利益率の向上によって、ひらまつは株式市場から評価され、株価が高騰した。
ひらまつの創業者である平松博利氏が社長を退任し、後任の代表取締役社長にひらまつの生え抜きである陣内孝也が就任した。
なお、提唱者は不明だが、創業者の退任に対して、ひらまつは平松博利氏に創業者功労金5億円を支払った。
創業者は、ひらまつの社長退任後は「ひらまつ総研」にて個人で経営を続けて、株式会社ひらまつとの関係性は絶たれたかに見えた。しかし、実際は経営に関与し続けたとされる(後述する調査報告書による)。
ひらまつ(陣内孝也・社長)は低迷していた売上成長を達成するために、ホテル事業への本格参入を決定した。2016年には賢島・熱海・箱根・沖縄の各リゾート地にホテルを新設した。
また、レストラン事業でも、手薄であった地方展開を本格化。2017年に京都高台寺に「レストランひらまつ」および和食料亭「高台寺 十牛庵」を開業するなど、店舗新設のための設備投資を積極化した。
この結果、2015年度から2016年度にかけて、ひらまつは投資を実施。設備投資の内訳は下記の通りである。
・京都高台寺・店舗新設:12億円
・三重賢島・ホテル新設:12億円
・静岡熱海・ホテル新設:13億円
・箱根・ホテル新設:15億円
・沖縄宜野座・ホテル新設:23億円
レストランウェディングを取り巻く競争環境が激化し、加えて店舗の新設に対して社員の育成が間に合わなかったため、ひらまつの業績は低迷した。
2017年に京都に新設した店舗を「ひらまつ総合研究所」に譲渡して実質的に撤退を試みるなど、資産の整理に追われた。
そこで、ひらまつは、経営の立て直しのために、アドバンテッジアドバイザーズと経営アドバイスに関する業務提携を締結し、アドバンテッジ系の投資ファンドから20億円の資金調達を実施した。
ところが、アドバンテッジによる経営再建の過程で、創業者に対する不透明な資金流出が発覚。
創業者が経営する「ひらまつ総研」との取引を停止したところ、逆に創業者がひらまつを提訴するなど、訴訟問題に発展した。
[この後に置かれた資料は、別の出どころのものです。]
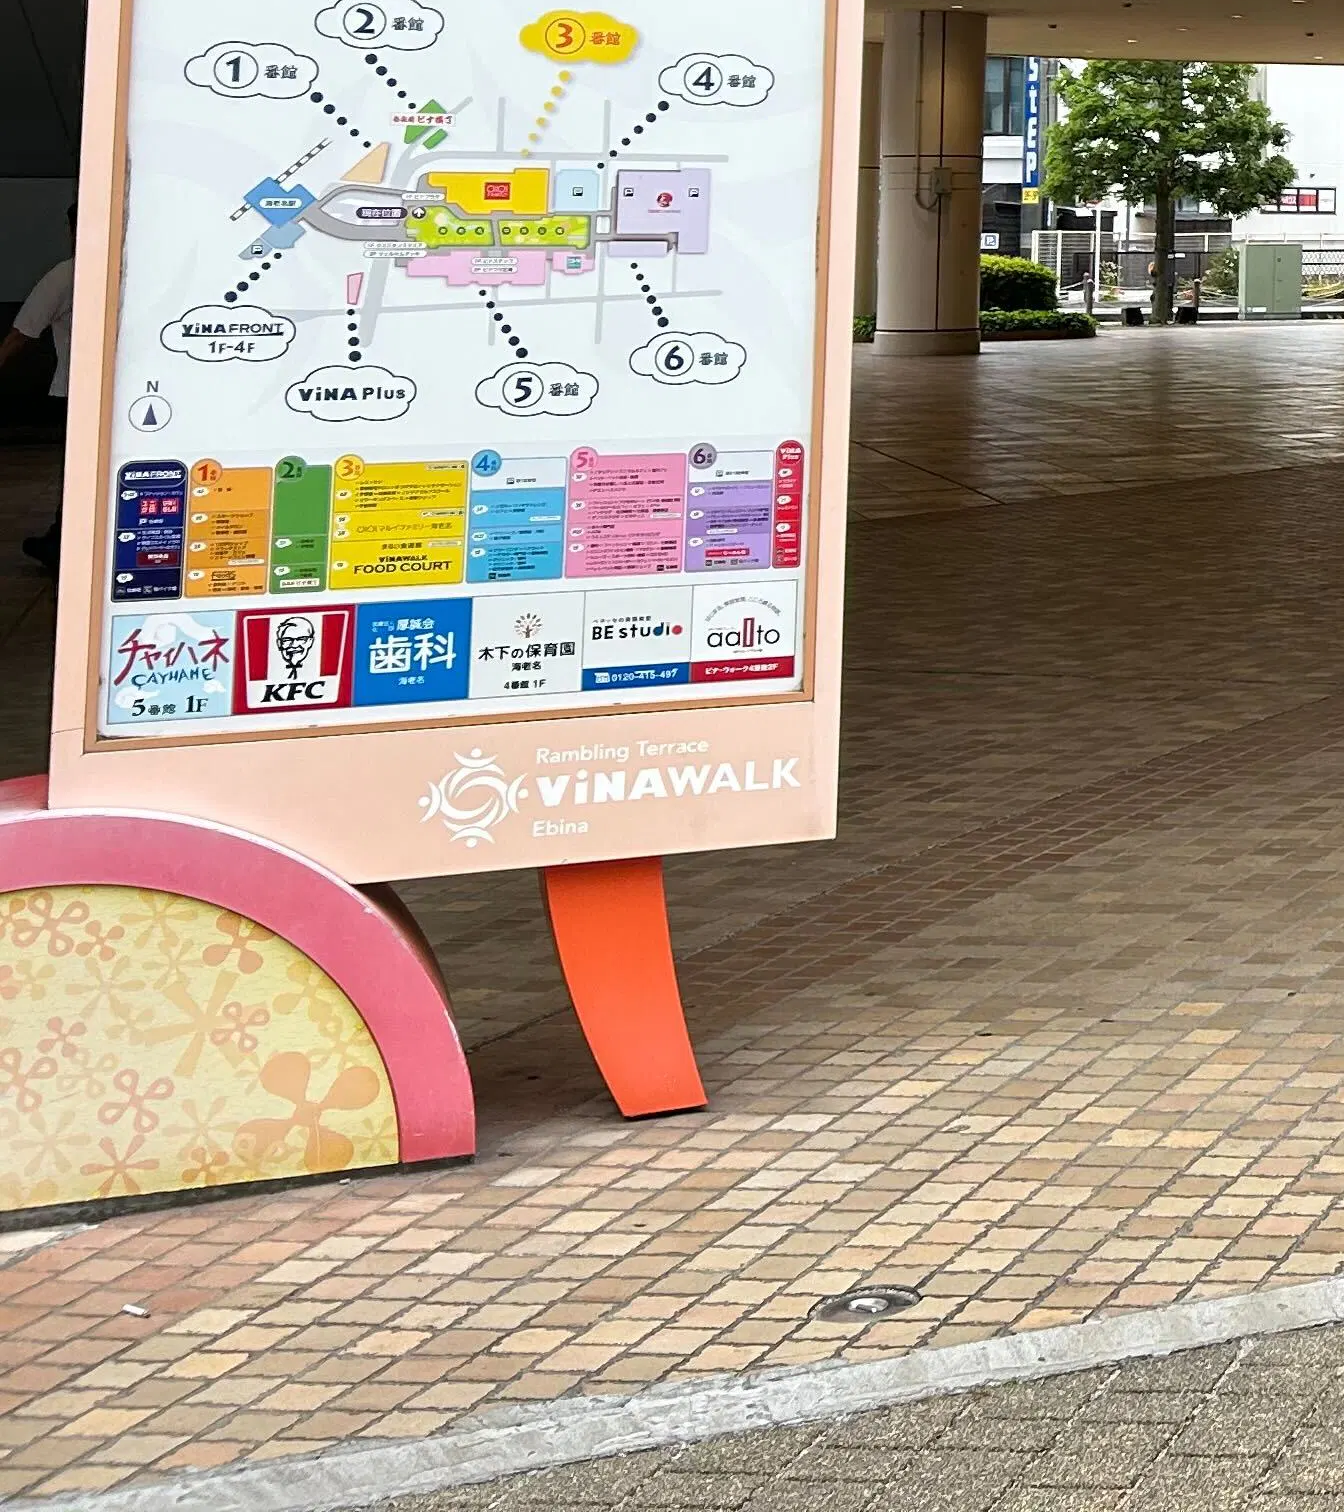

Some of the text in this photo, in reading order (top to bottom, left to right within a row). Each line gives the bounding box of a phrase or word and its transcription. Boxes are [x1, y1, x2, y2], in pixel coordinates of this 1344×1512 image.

[208, 342, 255, 354] 1F-4F
[147, 381, 159, 392] N
[362, 387, 406, 400] Plus
[353, 561, 452, 575] FOOD COURT
[592, 622, 683, 640] BE studio
[114, 628, 230, 686] チャイハネ
[369, 632, 456, 674] 歯科
[478, 641, 576, 662] 木下の保育園
[261, 681, 325, 704] KFC
[533, 679, 547, 688] 1F
[185, 696, 209, 714] 1F
[536, 739, 709, 765] Rambling Terrace
[533, 819, 589, 838] Ebina
この結果、ひらまつは「創業者に関する訴訟問題」と「不透明な資金流用による会計処理」という2つの問題を抱えた。
創業者とひらまつとの係争に関して、外部の第三者から構成される委員会が「調査報告書」を公表した。
これによれば、創業者はひらまつの代表取締役の退任後も、ひらまつに対して「赤字補填のためのコンサルティング料の請求」や、「不要になったマンションの買取」を要求していたことが判明している。このため、外部調査委員会は「重大な背信行為」があったと結論づけた。
不透明な資金用途が明らかになったことで、決算報告書の提出が遅れたため、2020年12月にひらまつは「監理銘柄」に指定されて上場廃止の危機に陥った。
また、ひらまつの陣内社長は経営責任を取って2020年に退任し、後任には日本マクドナルド出身の遠藤久がひらまつの代表取締役の社長に就任した。社長交代によって、株式会社ひらまつと、創業家との間で、一定の距離を保つ意図があったと思われる。
その後、ひらまつは決算書を提出したことで、上場廃止は免れた。
新型コロナウイルスの流行の長期化に伴って、ひらまつでもレストランおよびホテル事業がそれぞれ打撃を受けた。
この結果、2021年3月期にひらまつは、売上高62億円に対して最終赤字41億円に転落した。財務状況も悪化し、2021年3月期末時点での現預金同等物の保有額は6億円(2020年3月期末のは46億円)へと減少した。
加えて、短期借入金は2021年3月期末時点で18億円を計上しており、現金による借金返済に懸念が生じる事態に陥った。
この結果、ひらまつは財務的な危機に陥った。